Application outputs must be encoded through entities such as JavaScript hex or HTML, to remove potentially harmful characters and invalidate script commands. Combining these techniques helps prevent cross-site scripting, code injection, and related attacks.
3. Authentication and Session Management
Authentication is a critical part of application security. Server-side session management and identity management controls can minimize the risk of session hijacking or credential compromise. Multi-factor authentication provides better security, and many organizations are transitioning to passwordless authentication.
Implementing conservative timeouts during periods of inactivity can help keep user data safe, while reducing the risk of user session abuse. Limiting the number of concurrent sessions from the same user account ensures that only legitimate users are able to access your application or site.
4. Proper Encryption Techniques
Using cryptographic tools developed by recognized experts, such as Google KeyCzar and Bouncy Castle, is safer and easier than developing your own solution. Regardless of the encryption protocol used, it is important to use appropriate design methods such as layering and strict trust policies.
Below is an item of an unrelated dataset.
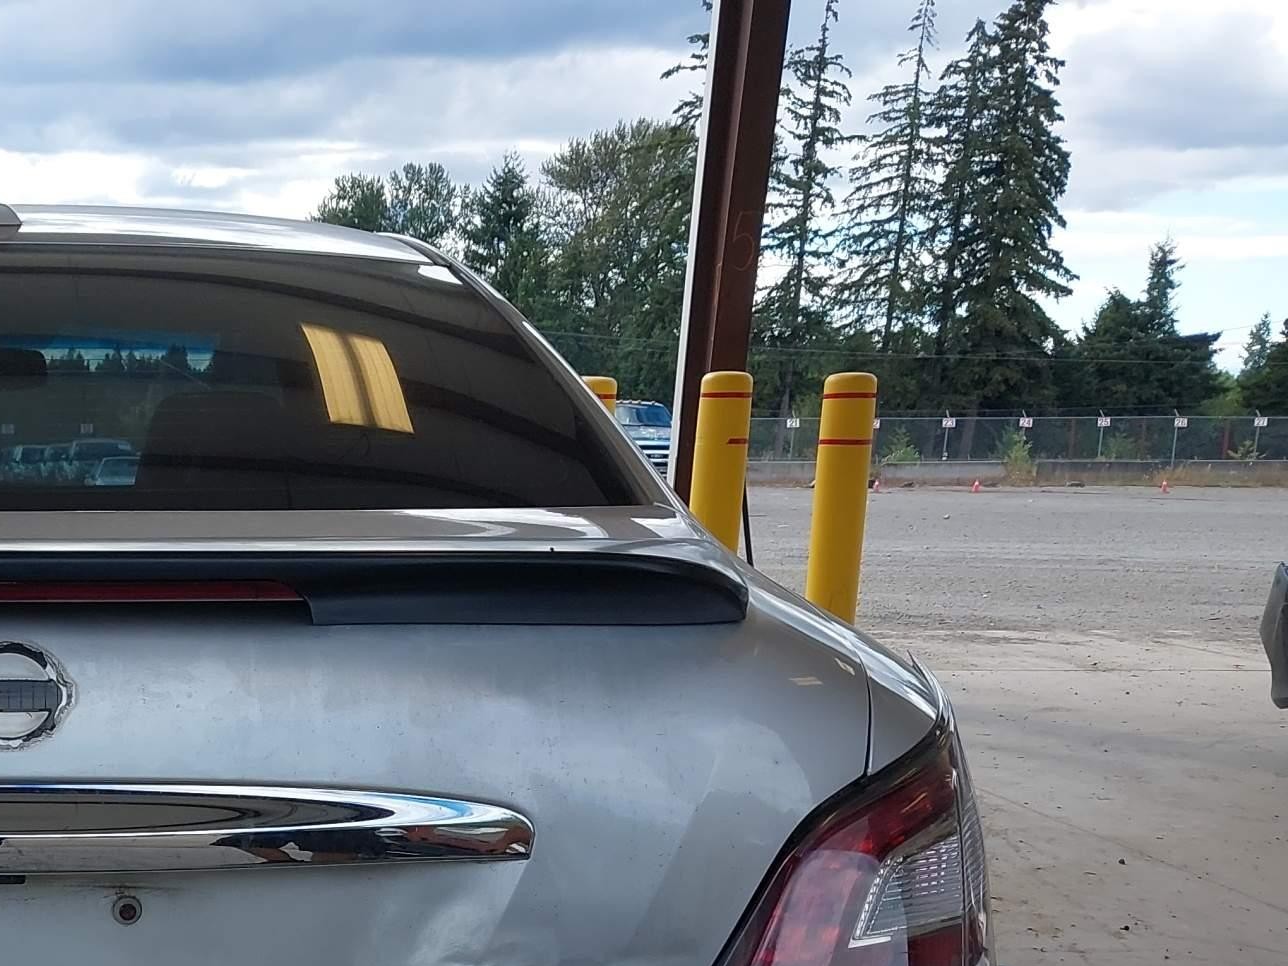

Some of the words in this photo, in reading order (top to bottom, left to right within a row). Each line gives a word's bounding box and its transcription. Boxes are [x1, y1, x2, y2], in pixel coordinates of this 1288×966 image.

[732, 211, 761, 271] 5
[1021, 418, 1032, 427] 24
[1098, 417, 1109, 426] 25
Incorrect key management can break the strongest encryption, so ensure you store keys separately from encrypted data.
5. Automation
Automation makes incorporating security practices into the coding processes easier, reducing the risk of human error. Automation ensures that the development pipeline includes important steps while eliminating dangerous variables.
Automation also helps save time. For example, development teams often build servers on demand to run software in the cloud, which can be time-consuming and increases the risk of mistakes. Automated server creation ensures the servers are the same every time, ensuring the team consistently follows secure coding practices.
Security automation is crucial for scaling, allowing teams to introduce security frequently and early in the SDLC while enabling rapid feedback.
6. Threat Modeling the Software
Threat modeling involves testing the software’s design to identify weaknesses that attackers might exploit. Developers use threat modeling to understand better how an attacker might compromise an application, allowing them to build adequate defenses.
The most important step toward writing secure code is investigating attackers’ methods to compromise software. Before learning a new coding technique or syntax, developers must walk through attack scenarios to determine how flawed code can lead to a data breach.
Threat modeling requires the following basic steps:
- Understanding the app—the team should document how the software functions, focusing on how data flows through the app.
- Identifying threats—the team traces the data flow to identify weak points.
- Determining remediation strategies—the team rates the threats and identifies appropriate mitigation methods.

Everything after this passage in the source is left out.